--- EXERCISE INPUTS Enclosed Below ---
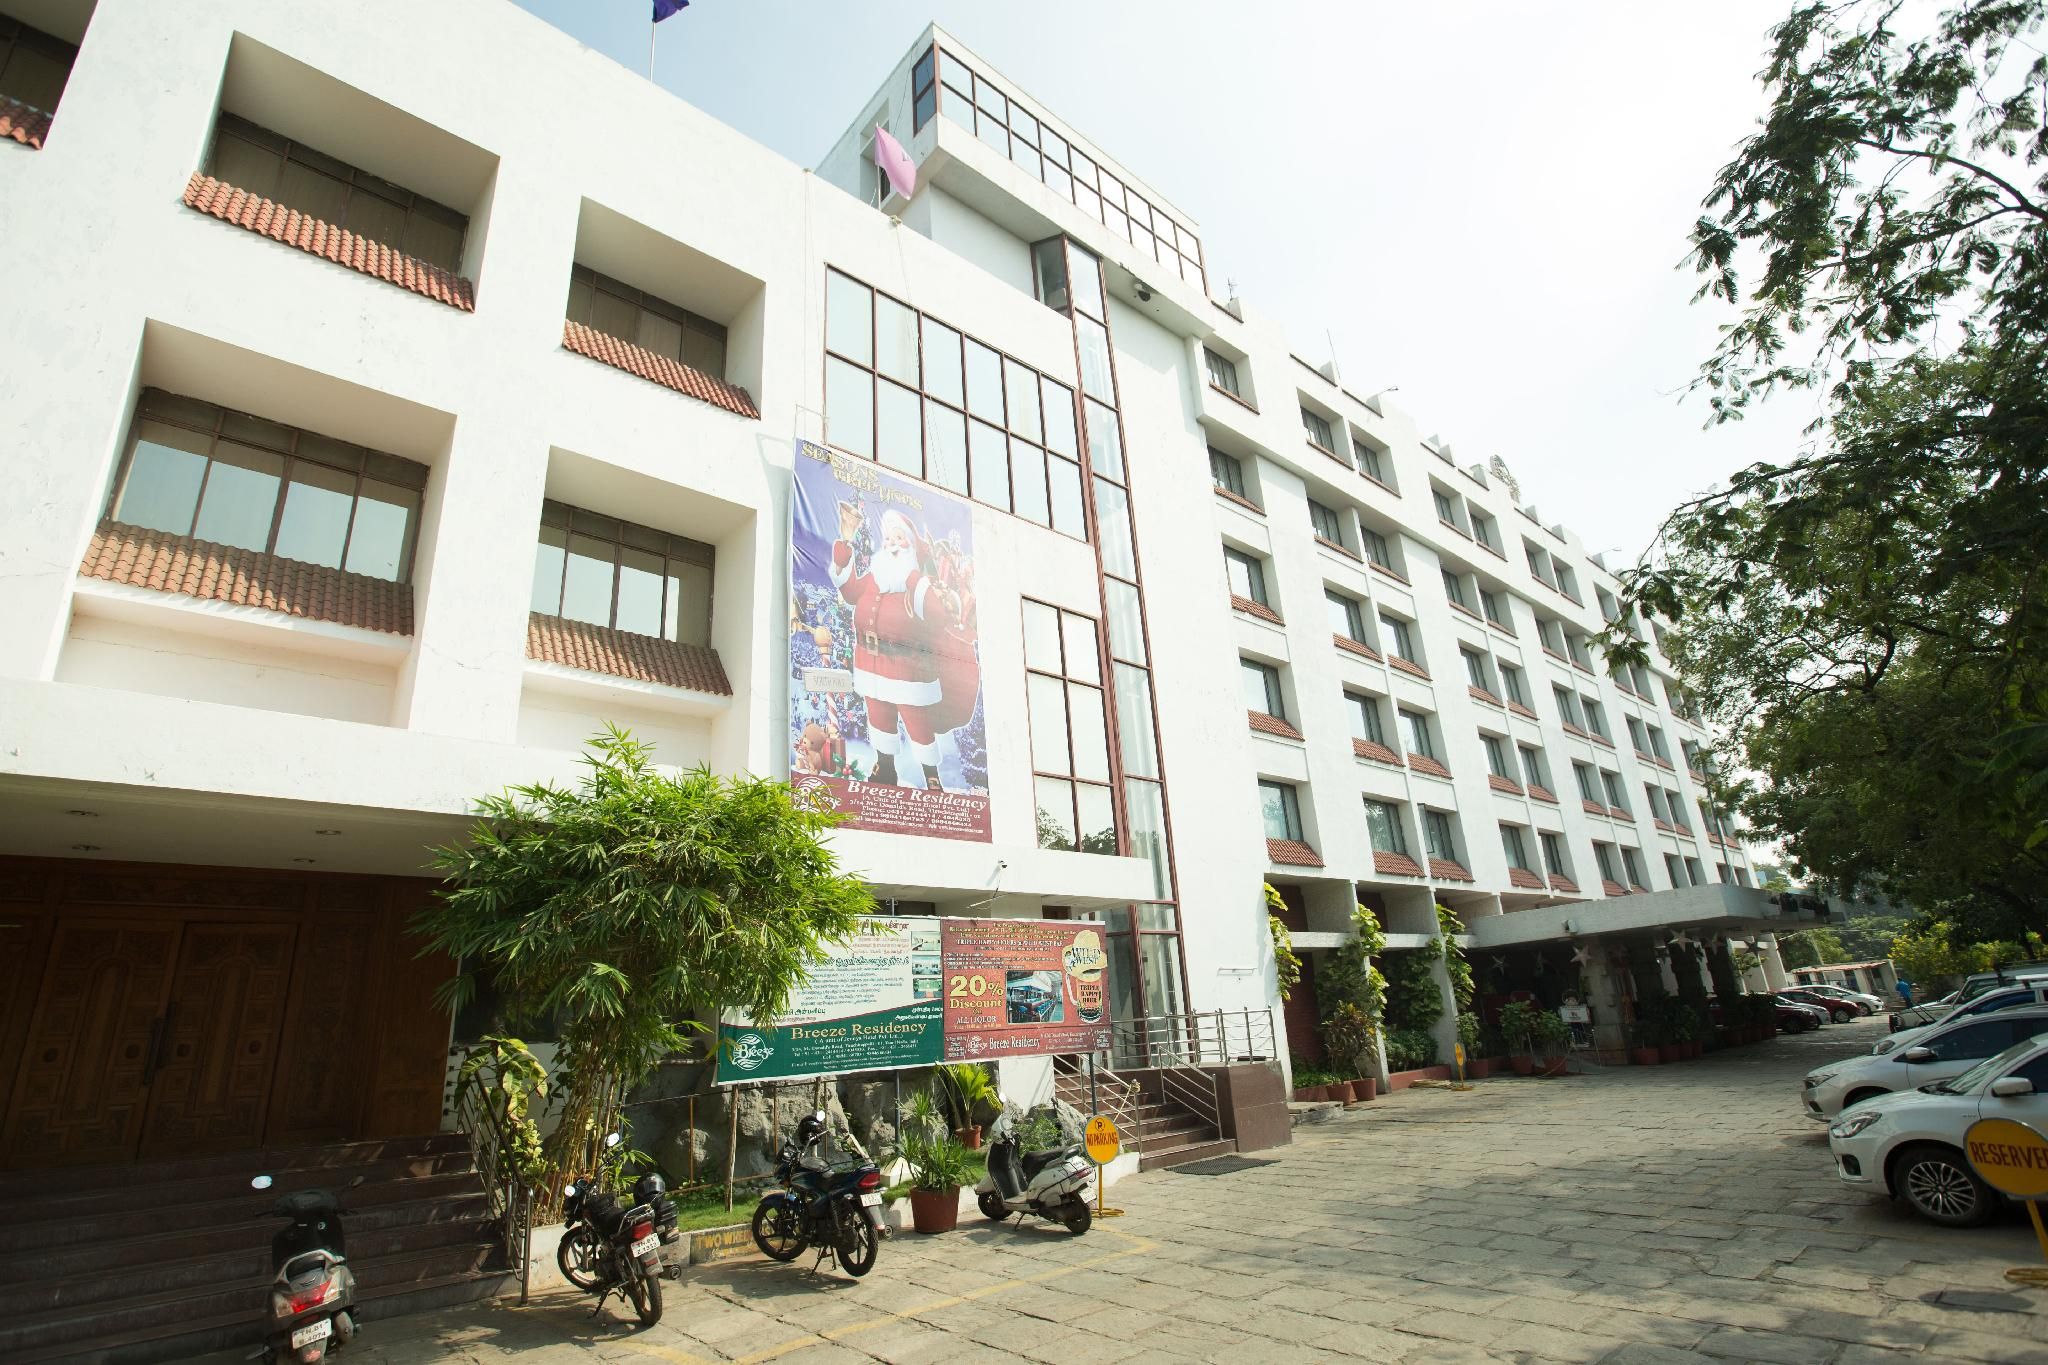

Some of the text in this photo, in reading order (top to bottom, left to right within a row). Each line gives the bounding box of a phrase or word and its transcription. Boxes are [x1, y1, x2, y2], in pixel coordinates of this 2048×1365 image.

[847, 780, 987, 811] Breeze Residency
[1071, 947, 1101, 958] WILD
[1075, 957, 1099, 965] WEST
[950, 975, 1004, 997] 20%
[949, 998, 1003, 1009] Discount
[791, 1021, 927, 1040] Breeze Residency
--- End of Enclosed EXERCISE INPUTS ---
■ WHAT IS BEING ASKED: The copy you give must repeat each record character for character, but it must not include the pictures.

■ OUTPUT FOR THIS TASK:
Some of the text in this photo, in reading order (top to bottom, left to right within a row). Each line gives the bounding box of a phrase or word and its transcription. Boxes are [x1, y1, x2, y2], in pixel coordinates of this 2048×1365 image.

[847, 780, 987, 811] Breeze Residency
[1071, 947, 1101, 958] WILD
[1075, 957, 1099, 965] WEST
[950, 975, 1004, 997] 20%
[949, 998, 1003, 1009] Discount
[791, 1021, 927, 1040] Breeze Residency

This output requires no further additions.